[Text-to-region grounding data]
[Start of section]
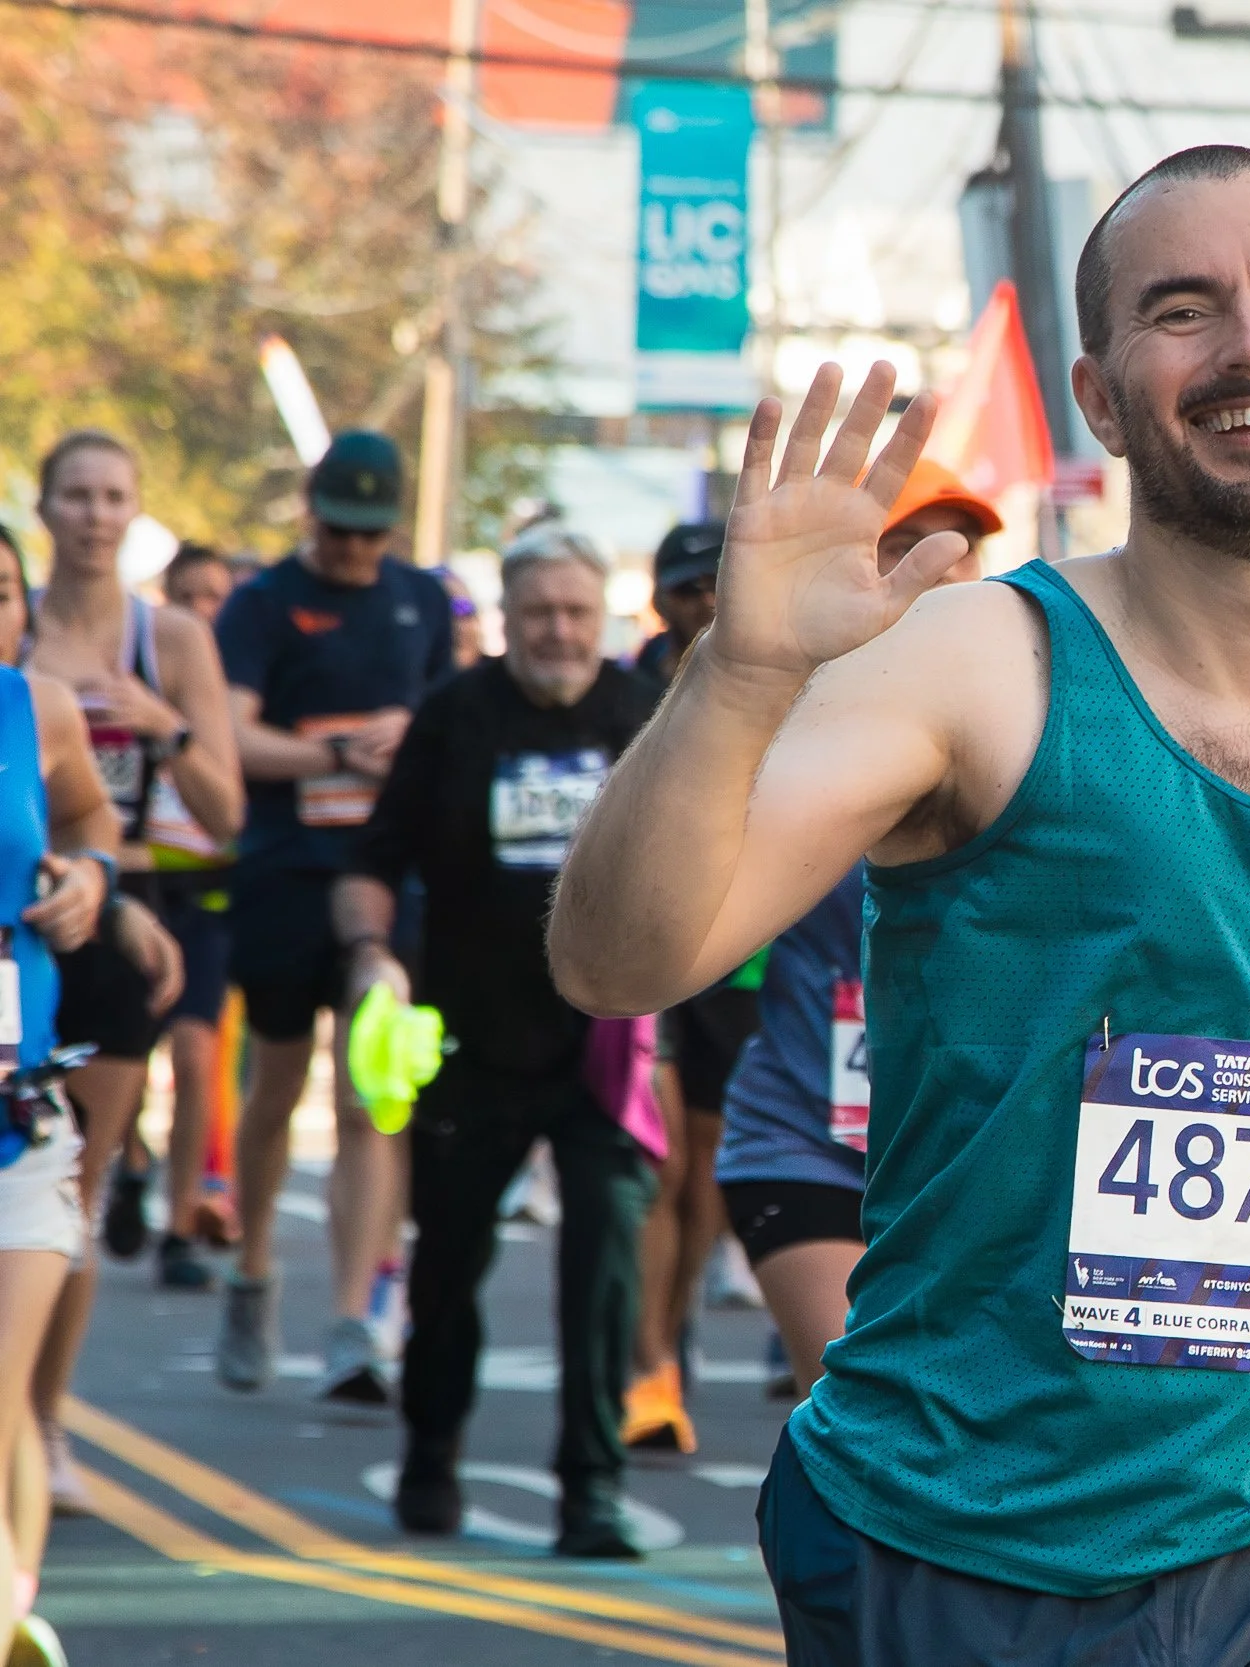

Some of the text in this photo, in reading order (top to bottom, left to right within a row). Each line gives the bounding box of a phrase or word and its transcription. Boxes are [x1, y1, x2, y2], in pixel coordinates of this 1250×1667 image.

[1131, 1047, 1205, 1099] tcs
[1070, 1305, 1141, 1327] WAVE 4
[1152, 1313, 1193, 1328] BLUE
[1109, 1342, 1118, 1350] M
[1200, 1345, 1236, 1358] FERRY
[End of section]
YOUR INSTRUCTIONS: Print every record above exactly, with no pictures.

REPLY:
Some of the text in this photo, in reading order (top to bottom, left to right within a row). Each line gives the bounding box of a phrase or word and its transcription. Boxes are [x1, y1, x2, y2], in pixel coordinates of this 1250×1667 image.

[1131, 1047, 1205, 1099] tcs
[1070, 1305, 1141, 1327] WAVE 4
[1152, 1313, 1193, 1328] BLUE
[1109, 1342, 1118, 1350] M
[1200, 1345, 1236, 1358] FERRY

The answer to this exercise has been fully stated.